Sheikh Mohammed bin Zayed compared the UAE to Qasr Al Hosn, saying the country was “a unified and strong fort”, the state news agency Wam reported. A few hours later the gates of Qasr Al Hosn were crowded with curious residents, eager to catch a first close look at the historic white fort.
“It’s my first time inside. I don’t know what it is like but I’ll see,” said Khaled Ismail, a Bangladeshi cook who had lived beside the fort for eight years.
Images of the island’s history were projected on to the great white walls of the fort, which provided the backdrop for an open-air theatre.
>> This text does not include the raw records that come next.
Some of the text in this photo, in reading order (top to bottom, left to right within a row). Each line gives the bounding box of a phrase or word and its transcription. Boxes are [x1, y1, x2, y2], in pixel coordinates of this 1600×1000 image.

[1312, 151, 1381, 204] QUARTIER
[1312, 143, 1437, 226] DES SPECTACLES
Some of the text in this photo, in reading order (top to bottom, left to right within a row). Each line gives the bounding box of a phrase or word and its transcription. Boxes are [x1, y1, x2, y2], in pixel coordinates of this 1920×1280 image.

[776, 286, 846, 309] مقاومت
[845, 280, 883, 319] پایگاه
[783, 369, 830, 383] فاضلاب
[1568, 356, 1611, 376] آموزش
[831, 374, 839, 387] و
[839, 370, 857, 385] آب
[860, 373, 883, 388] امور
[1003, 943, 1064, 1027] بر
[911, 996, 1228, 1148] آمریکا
There visitors watched traditional dancing as Abu Dhabi Police watched on in traditional uniforms to commemorate the founding of the force in 1957.
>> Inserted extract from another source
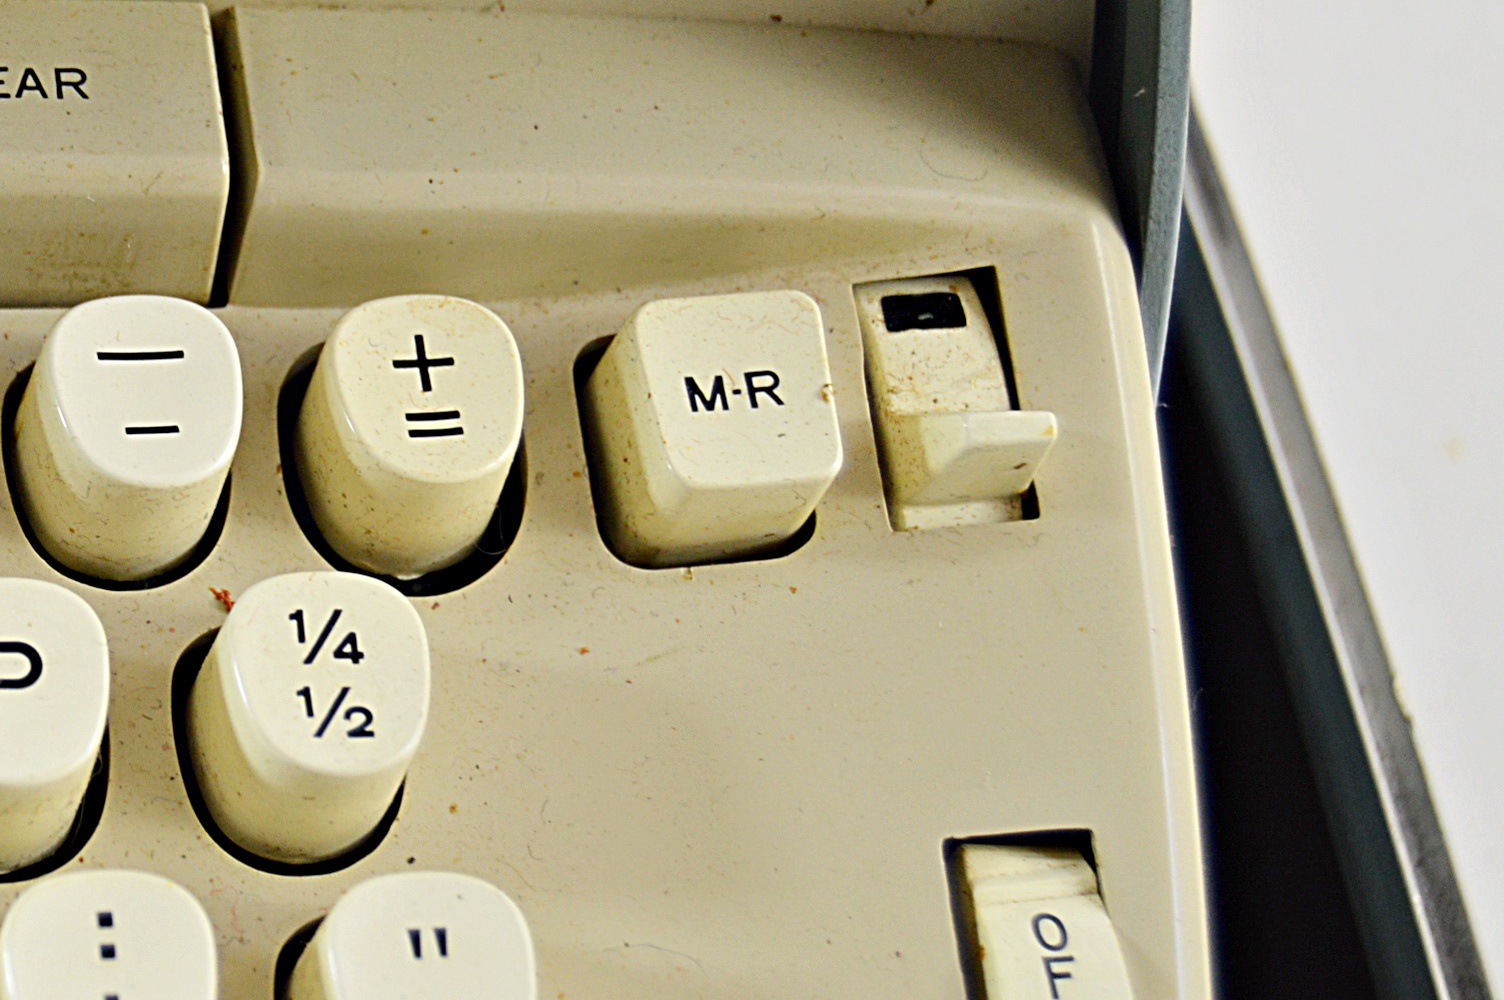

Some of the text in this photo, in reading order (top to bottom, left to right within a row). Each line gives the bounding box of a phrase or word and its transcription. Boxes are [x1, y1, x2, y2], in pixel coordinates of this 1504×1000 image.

[392, 334, 456, 393] +
[683, 370, 786, 413] M-R
[404, 409, 466, 438] =
For Mr Ismail, who speaks in quick pidgin Arabic and wears a pristine Emirati kandura on special occasions, it was a rare chance to learn about UAE history.
He had come with his friends Jamal Meya, 25, a driver, and Mortaz Ali, 20, a carpenter who has lived here for six years.
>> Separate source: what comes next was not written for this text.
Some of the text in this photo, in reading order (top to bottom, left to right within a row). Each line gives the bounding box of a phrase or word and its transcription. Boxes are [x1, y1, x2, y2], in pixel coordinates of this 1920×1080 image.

The festival is divided into four sections: a marine area, where visitors can board a replica pearling ship and see pearls extracted from oyster shells; the Abu Dhabi island area where old mariners sing sea shanties; a desert area with traditional souq of palm-frond stalls, selling Emirati favourites such as chabaab pancakes; and the oasis area.
“This fort, it’s everything, everything,” said Muna Al Suwaidi, 34, a festival volunteer. She coyly admitted the fort was not as large as she imagined in childhood. “I don’t want it to disappear. I want it to be here.”
The audience filmed and clicked the performance on their mobile phones, competing for bragging rights of being the first to upload images of the festival.
“The fort gives me that touch in my heart,” said Fatima Al Fathi, 15, an Emirati raised in Abu Dhabi. “I don’t know how to express it. It’s ineffable.”
Fatima had brought her brother Hamdan, 4, and her cousin Noora, 10, to teach them the history her parents had taught her.
“It’s actually really cool because I figured out something I never knew, like the people with the guns,” said Fatima.
Elderly Emiratis from across the country volunteered as storytellers and singers, while others displayed their skills with handicrafts, from boat building to rope making.
“This fort, it’s our history. We also have our old forts,” said Rashed Saeed, from the east-coast Sharjah enclave of Dibba Al Hisn.
Mr Saeed is famous for his ability to twist palm fibre into rope. A friend insisted that he volunteer for the event when he saw it advertised on television.
Although Mr Saeed is from a town separated from Abu Dhabi by a four-hour journey over desert, sea and mountains, he considers the fort’s history his own.
“Abu Dhabi is my country,” he said. “We are all from one place. Dibba, Abu Dhabi, it’s one nation. Dubai, Ras Al Khaimah, we are all brothers.
“If I said I would not come and another man said he would not come, then who would be here?”
The festival runs until March 9.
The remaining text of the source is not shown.